Клепсидра

   Медленно-медленно струилось время в большой клепсидре. Я с удовольствием наблюдал, как прозрачные капли настоящего становятся зеленоватым от света лампы прошлым. Слишком часто, пожалуй, стал я предаваться созерцанию уходящего времени, хотя и работаю Хранителем часов в доме мастера-часовщика, господина Дю-Руа. Но раньше я лишь изредка останавливался у сосуда с водой, беглым, лишённым настоящего понимания, взглядом выхватывал падающие капли. Только сейчас, после того как мастер открыл мне секрет Вечности, я начал придавать своему занятию большее, сокровенное значение.
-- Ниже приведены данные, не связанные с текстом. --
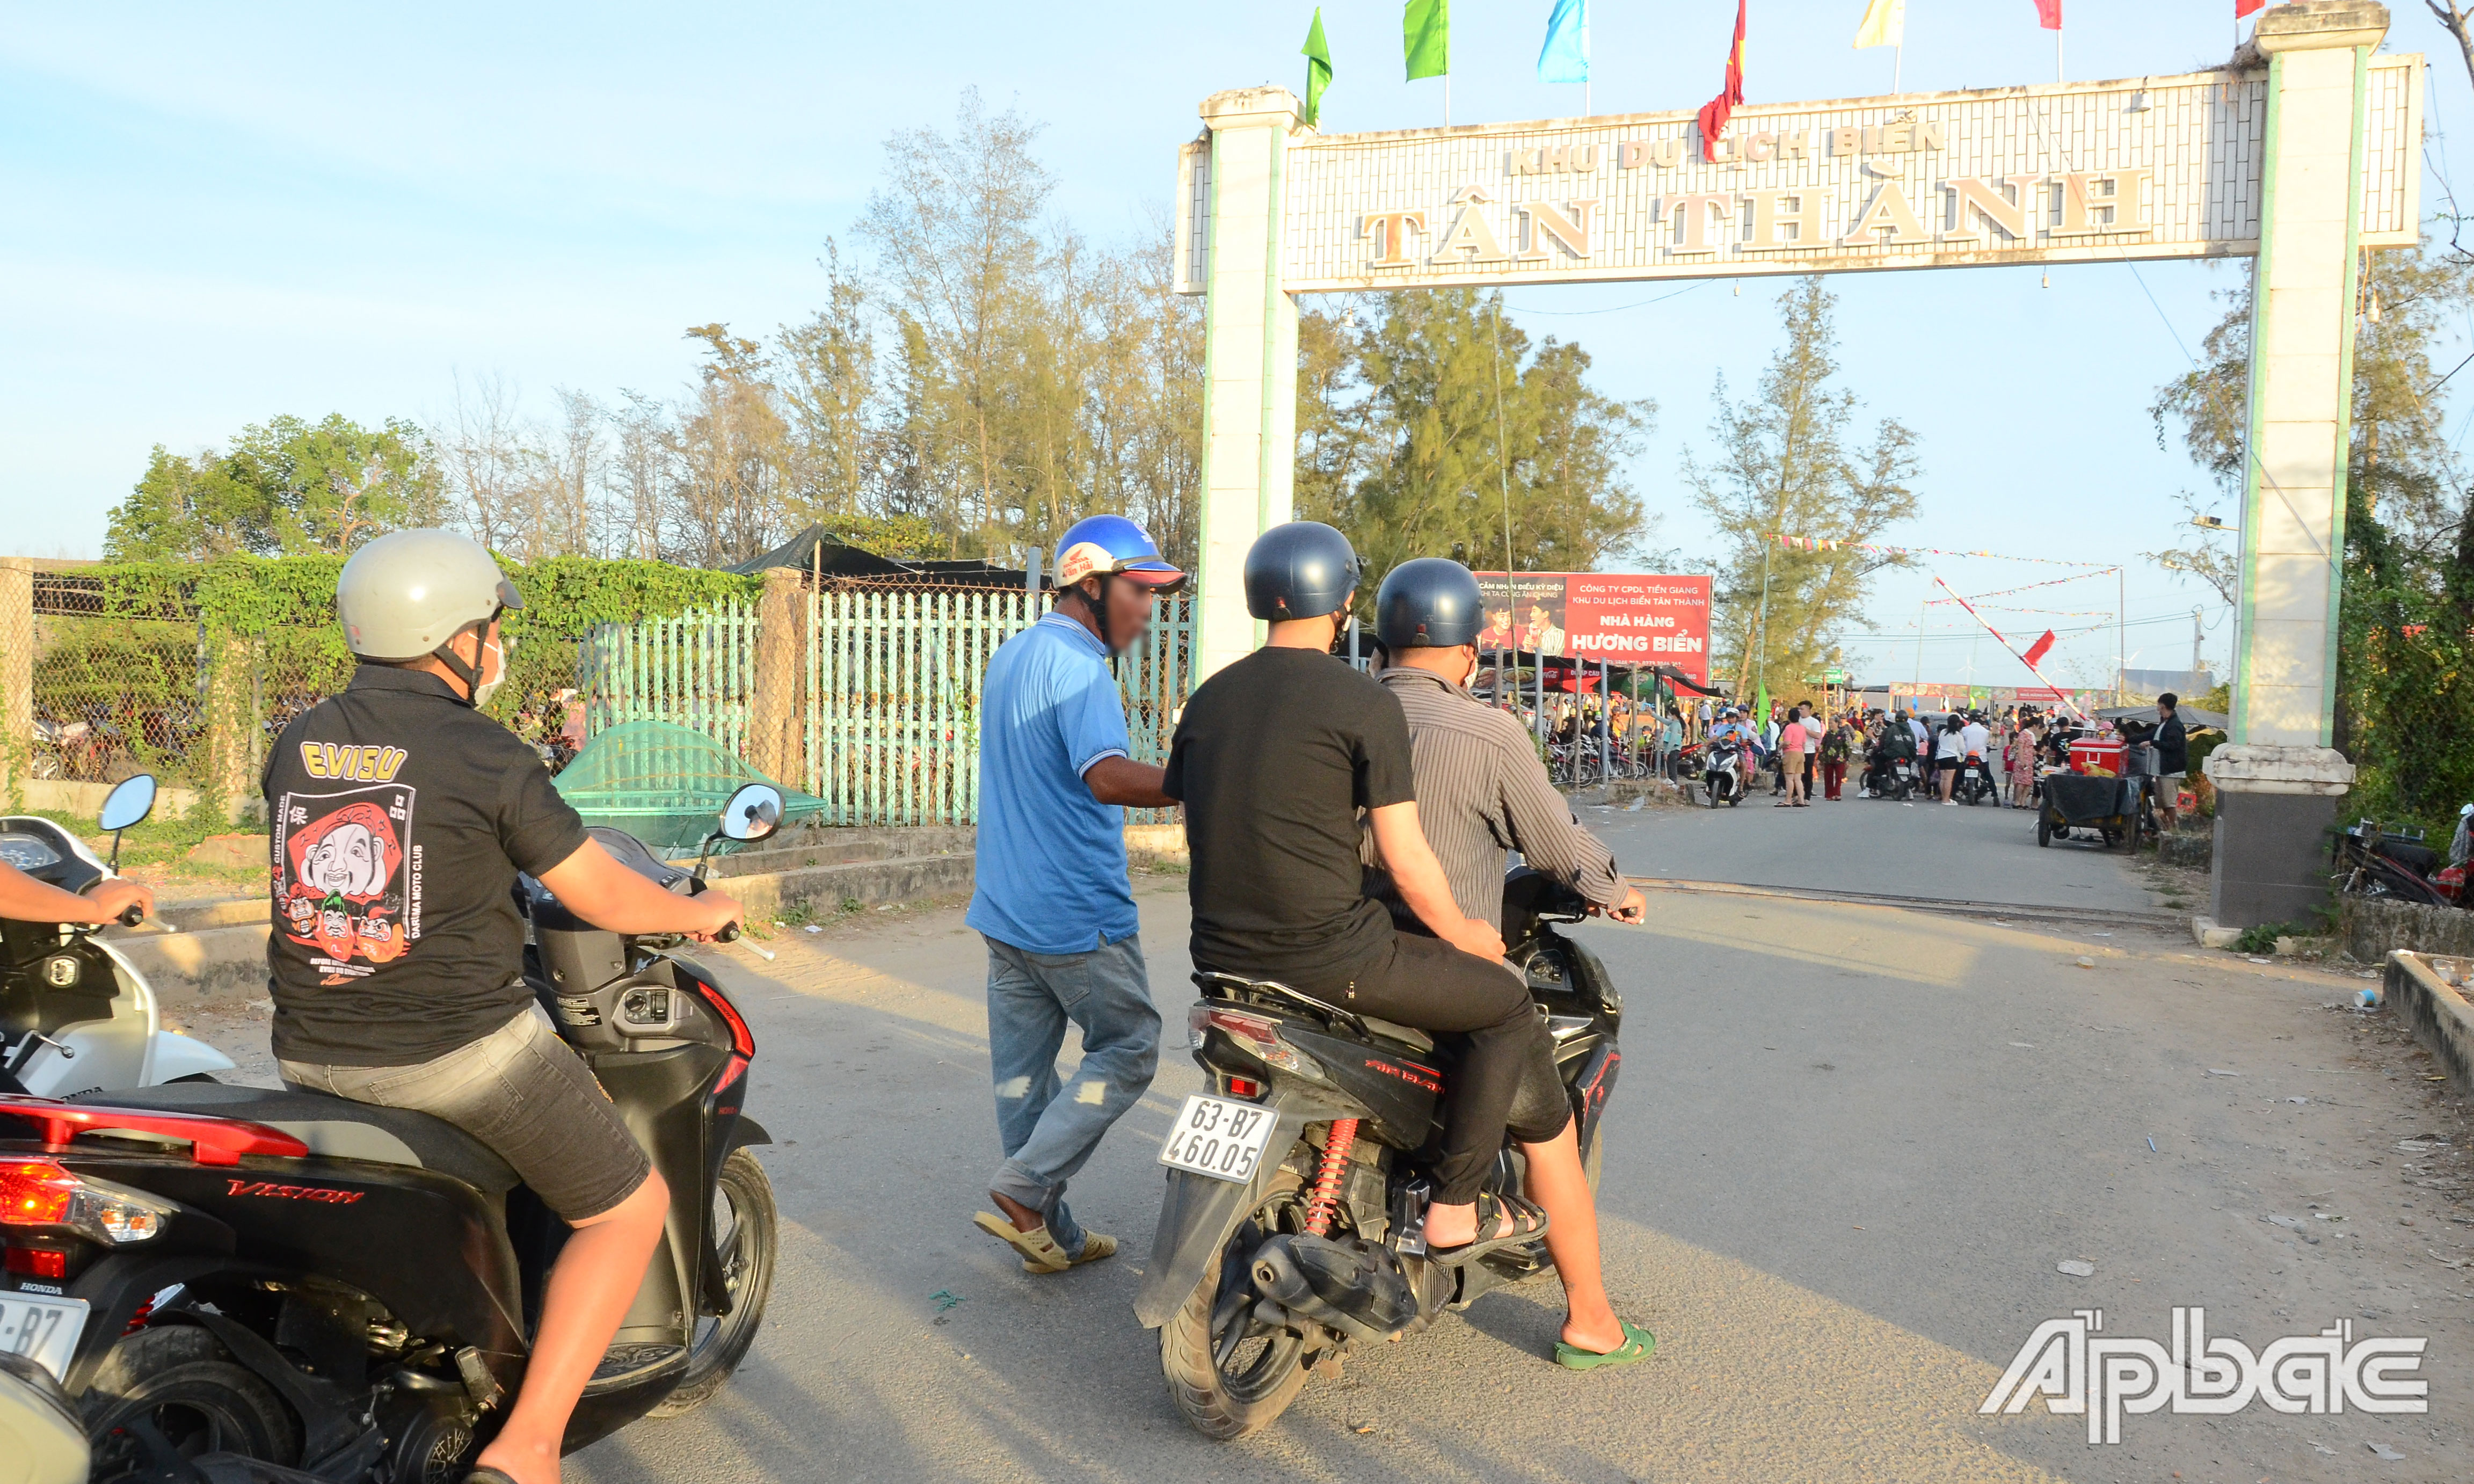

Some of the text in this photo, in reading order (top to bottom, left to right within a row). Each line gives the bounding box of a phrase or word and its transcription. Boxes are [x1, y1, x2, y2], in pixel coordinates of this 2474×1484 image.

[1510, 144, 1599, 176] KHU
[1622, 138, 1683, 169] DU
[1832, 106, 1945, 157] BIỂN
[1360, 158, 2152, 268] TÂN THÀNH
[1063, 557, 1089, 569] HONDA
[1479, 581, 1495, 590] CẢM
[1547, 583, 1564, 591] DIỆU
[1580, 584, 1605, 593] CÔNG
[1647, 584, 1667, 594] TIỀN
[1669, 586, 1698, 594] GIANG
[1573, 596, 1591, 604] KHU
[1608, 597, 1629, 606] LỊCH
[1630, 595, 1650, 605] BIỂN
[1653, 596, 1671, 605] TÂN
[1673, 597, 1705, 606] THÀNH
[1600, 613, 1675, 628] NHÀ HÀNG
[1572, 629, 1702, 653] HƯƠNG BIỂN
[300, 741, 408, 782] EVISU
[274, 795, 286, 863] CUSTOM MADE
[411, 845, 423, 939] DARUMA MOTO CLUB
[1190, 1100, 1263, 1140] 63-B7
[1168, 1131, 1258, 1177] 460.05
[227, 1179, 365, 1204] VISION
[20, 1282, 63, 1295] HONDA
   - Знаешь ли ты, мой друг, сколько мне лет? – лукаво улыбаясь, спросил меня однажды господин Дю-Руа.
   - Вы выглядите едва ли на 60, - неуверенно ответил я. Тогда я ещё мало разбирался во времени, потому и возраст людей для меня всегда оставался загадкой, я никогда не мог определить навскидку, сколько человеку лет.
   - Ошибаешься. В ноябре мне стукнет 317.
   Я, конечно, не поверил. Бессмертные только в сказках бывают.
   - Вы, верно, пошутили, мастер, - улыбнулся я.
   - Нет-нет, что ты! Я не шучу. По крайней мере, когда говорю о своём возрасте. Почему, по-твоему, я стал часовщиком?
   - Я не задумывался об этом. Наверное потому, что любите копаться в часовых механизмах.
   - Действительно, изначально мне просто нравилось разбирать и собирать часы. Я горел этим с детства, и умел тогда разобраться в любом механизме.
   Мне посчастливилось попасть в услужение к одному господину, месье Ларужу. Он содержал лавку по ремонту часов. Тогда это было весьма прибыльное занятие, ведь тогда механизмы были очень несовершенны и дороги. Месье Ларуж гнался за деньгами. Так что нам обоим повезло: он получил опытного работника, который за свой труд требовал только кров и стол, а у меня появилась возможность заниматься любимым делом.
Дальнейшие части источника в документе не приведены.